[Dataset entries]
::::

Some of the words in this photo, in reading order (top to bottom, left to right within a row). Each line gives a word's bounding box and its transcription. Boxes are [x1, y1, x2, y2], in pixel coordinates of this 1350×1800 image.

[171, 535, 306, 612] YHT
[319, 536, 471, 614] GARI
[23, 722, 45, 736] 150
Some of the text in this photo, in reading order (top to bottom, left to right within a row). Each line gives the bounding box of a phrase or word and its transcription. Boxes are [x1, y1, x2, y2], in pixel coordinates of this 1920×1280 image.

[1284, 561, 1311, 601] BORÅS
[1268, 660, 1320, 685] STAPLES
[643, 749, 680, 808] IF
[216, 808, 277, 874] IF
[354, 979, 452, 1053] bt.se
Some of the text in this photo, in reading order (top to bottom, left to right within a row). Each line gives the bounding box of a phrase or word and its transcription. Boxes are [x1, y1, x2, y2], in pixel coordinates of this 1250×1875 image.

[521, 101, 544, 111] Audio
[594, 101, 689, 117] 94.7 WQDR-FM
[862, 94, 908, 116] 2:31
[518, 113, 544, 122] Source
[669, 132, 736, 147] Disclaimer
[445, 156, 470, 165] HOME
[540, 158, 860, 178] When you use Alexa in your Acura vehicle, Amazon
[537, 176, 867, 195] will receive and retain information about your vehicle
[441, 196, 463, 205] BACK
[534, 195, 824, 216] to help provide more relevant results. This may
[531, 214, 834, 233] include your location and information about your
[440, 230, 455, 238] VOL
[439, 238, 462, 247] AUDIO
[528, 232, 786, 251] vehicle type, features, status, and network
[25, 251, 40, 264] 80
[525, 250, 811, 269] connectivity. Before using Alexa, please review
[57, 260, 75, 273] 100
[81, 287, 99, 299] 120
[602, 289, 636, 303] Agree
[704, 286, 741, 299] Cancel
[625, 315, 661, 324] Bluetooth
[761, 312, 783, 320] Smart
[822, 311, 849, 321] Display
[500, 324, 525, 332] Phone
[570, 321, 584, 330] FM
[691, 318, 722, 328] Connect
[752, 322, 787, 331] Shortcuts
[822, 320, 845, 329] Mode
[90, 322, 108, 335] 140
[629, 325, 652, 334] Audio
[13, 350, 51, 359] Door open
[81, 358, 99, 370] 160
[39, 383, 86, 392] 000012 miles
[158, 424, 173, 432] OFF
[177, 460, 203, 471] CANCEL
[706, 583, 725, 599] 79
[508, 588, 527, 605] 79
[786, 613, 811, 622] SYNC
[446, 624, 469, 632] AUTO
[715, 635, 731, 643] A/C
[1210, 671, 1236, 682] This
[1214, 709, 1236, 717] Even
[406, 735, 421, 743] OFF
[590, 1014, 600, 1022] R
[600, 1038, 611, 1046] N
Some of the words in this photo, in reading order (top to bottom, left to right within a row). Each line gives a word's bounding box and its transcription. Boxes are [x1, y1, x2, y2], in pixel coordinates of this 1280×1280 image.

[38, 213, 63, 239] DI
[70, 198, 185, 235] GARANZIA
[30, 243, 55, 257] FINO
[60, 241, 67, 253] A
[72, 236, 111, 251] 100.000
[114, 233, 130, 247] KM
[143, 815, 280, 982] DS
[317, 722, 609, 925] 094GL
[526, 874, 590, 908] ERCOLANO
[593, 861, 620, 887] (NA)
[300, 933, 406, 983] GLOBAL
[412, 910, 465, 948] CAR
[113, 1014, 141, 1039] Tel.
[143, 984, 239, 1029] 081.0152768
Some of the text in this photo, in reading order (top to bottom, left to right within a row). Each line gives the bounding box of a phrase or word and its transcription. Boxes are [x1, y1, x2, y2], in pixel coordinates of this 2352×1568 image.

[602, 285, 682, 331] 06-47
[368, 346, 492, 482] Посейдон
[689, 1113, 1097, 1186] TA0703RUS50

::::

▸ PROBLEM TO SOLVE:
Copy every record exactly.

▸ ANSWER BELOW:
Some of the words in this photo, in reading order (top to bottom, left to right within a row). Each line gives a word's bounding box and its transcription. Boxes are [x1, y1, x2, y2], in pixel coordinates of this 1350×1800 image.

[171, 535, 306, 612] YHT
[319, 536, 471, 614] GARI
[23, 722, 45, 736] 150
Some of the text in this photo, in reading order (top to bottom, left to right within a row). Each line gives the bounding box of a phrase or word and its transcription. Boxes are [x1, y1, x2, y2], in pixel coordinates of this 1920×1280 image.

[1284, 561, 1311, 601] BORÅS
[1268, 660, 1320, 685] STAPLES
[643, 749, 680, 808] IF
[216, 808, 277, 874] IF
[354, 979, 452, 1053] bt.se
Some of the text in this photo, in reading order (top to bottom, left to right within a row). Each line gives the bounding box of a phrase or word and its transcription. Boxes are [x1, y1, x2, y2], in pixel coordinates of this 1250×1875 image.

[521, 101, 544, 111] Audio
[594, 101, 689, 117] 94.7 WQDR-FM
[862, 94, 908, 116] 2:31
[518, 113, 544, 122] Source
[669, 132, 736, 147] Disclaimer
[445, 156, 470, 165] HOME
[540, 158, 860, 178] When you use Alexa in your Acura vehicle, Amazon
[537, 176, 867, 195] will receive and retain information about your vehicle
[441, 196, 463, 205] BACK
[534, 195, 824, 216] to help provide more relevant results. This may
[531, 214, 834, 233] include your location and information about your
[440, 230, 455, 238] VOL
[439, 238, 462, 247] AUDIO
[528, 232, 786, 251] vehicle type, features, status, and network
[25, 251, 40, 264] 80
[525, 250, 811, 269] connectivity. Before using Alexa, please review
[57, 260, 75, 273] 100
[81, 287, 99, 299] 120
[602, 289, 636, 303] Agree
[704, 286, 741, 299] Cancel
[625, 315, 661, 324] Bluetooth
[761, 312, 783, 320] Smart
[822, 311, 849, 321] Display
[500, 324, 525, 332] Phone
[570, 321, 584, 330] FM
[691, 318, 722, 328] Connect
[752, 322, 787, 331] Shortcuts
[822, 320, 845, 329] Mode
[90, 322, 108, 335] 140
[629, 325, 652, 334] Audio
[13, 350, 51, 359] Door open
[81, 358, 99, 370] 160
[39, 383, 86, 392] 000012 miles
[158, 424, 173, 432] OFF
[177, 460, 203, 471] CANCEL
[706, 583, 725, 599] 79
[508, 588, 527, 605] 79
[786, 613, 811, 622] SYNC
[446, 624, 469, 632] AUTO
[715, 635, 731, 643] A/C
[1210, 671, 1236, 682] This
[1214, 709, 1236, 717] Even
[406, 735, 421, 743] OFF
[590, 1014, 600, 1022] R
[600, 1038, 611, 1046] N
Some of the words in this photo, in reading order (top to bottom, left to right within a row). Each line gives a word's bounding box and its transcription. Boxes are [x1, y1, x2, y2], in pixel coordinates of this 1280×1280 image.

[38, 213, 63, 239] DI
[70, 198, 185, 235] GARANZIA
[30, 243, 55, 257] FINO
[60, 241, 67, 253] A
[72, 236, 111, 251] 100.000
[114, 233, 130, 247] KM
[143, 815, 280, 982] DS
[317, 722, 609, 925] 094GL
[526, 874, 590, 908] ERCOLANO
[593, 861, 620, 887] (NA)
[300, 933, 406, 983] GLOBAL
[412, 910, 465, 948] CAR
[113, 1014, 141, 1039] Tel.
[143, 984, 239, 1029] 081.0152768
Some of the text in this photo, in reading order (top to bottom, left to right within a row). Each line gives the bounding box of a phrase or word and its transcription. Boxes are [x1, y1, x2, y2], in pixel coordinates of this 2352×1568 image.

[602, 285, 682, 331] 06-47
[368, 346, 492, 482] Посейдон
[689, 1113, 1097, 1186] TA0703RUS50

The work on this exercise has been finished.